What to do: After locating the line that contains "this 1288×966 image.", restate it and each later line word for word through the end of the records.

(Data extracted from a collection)
§ §
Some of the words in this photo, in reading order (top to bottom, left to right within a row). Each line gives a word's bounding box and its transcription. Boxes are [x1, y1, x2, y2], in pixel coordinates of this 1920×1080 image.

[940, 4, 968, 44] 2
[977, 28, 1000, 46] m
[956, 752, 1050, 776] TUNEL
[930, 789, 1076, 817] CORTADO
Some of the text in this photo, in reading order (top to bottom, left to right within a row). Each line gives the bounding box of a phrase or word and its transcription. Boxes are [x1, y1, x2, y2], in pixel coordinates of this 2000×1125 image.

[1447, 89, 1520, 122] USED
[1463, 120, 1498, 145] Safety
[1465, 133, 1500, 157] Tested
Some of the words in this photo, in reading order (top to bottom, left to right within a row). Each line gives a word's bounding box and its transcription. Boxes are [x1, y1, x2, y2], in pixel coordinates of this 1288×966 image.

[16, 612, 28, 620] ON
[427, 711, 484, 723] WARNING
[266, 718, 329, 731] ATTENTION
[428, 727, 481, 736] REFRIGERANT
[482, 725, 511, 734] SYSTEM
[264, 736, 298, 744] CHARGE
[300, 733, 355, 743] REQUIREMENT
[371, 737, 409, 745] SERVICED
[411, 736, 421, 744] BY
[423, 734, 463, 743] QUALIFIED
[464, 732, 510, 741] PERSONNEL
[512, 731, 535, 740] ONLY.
§ §
Exercise solution:
Some of the words in this photo, in reading order (top to bottom, left to right within a row). Each line gives a word's bounding box and its transcription. Boxes are [x1, y1, x2, y2], in pixel coordinates of this 1288×966 image.

[16, 612, 28, 620] ON
[427, 711, 484, 723] WARNING
[266, 718, 329, 731] ATTENTION
[428, 727, 481, 736] REFRIGERANT
[482, 725, 511, 734] SYSTEM
[264, 736, 298, 744] CHARGE
[300, 733, 355, 743] REQUIREMENT
[371, 737, 409, 745] SERVICED
[411, 736, 421, 744] BY
[423, 734, 463, 743] QUALIFIED
[464, 732, 510, 741] PERSONNEL
[512, 731, 535, 740] ONLY.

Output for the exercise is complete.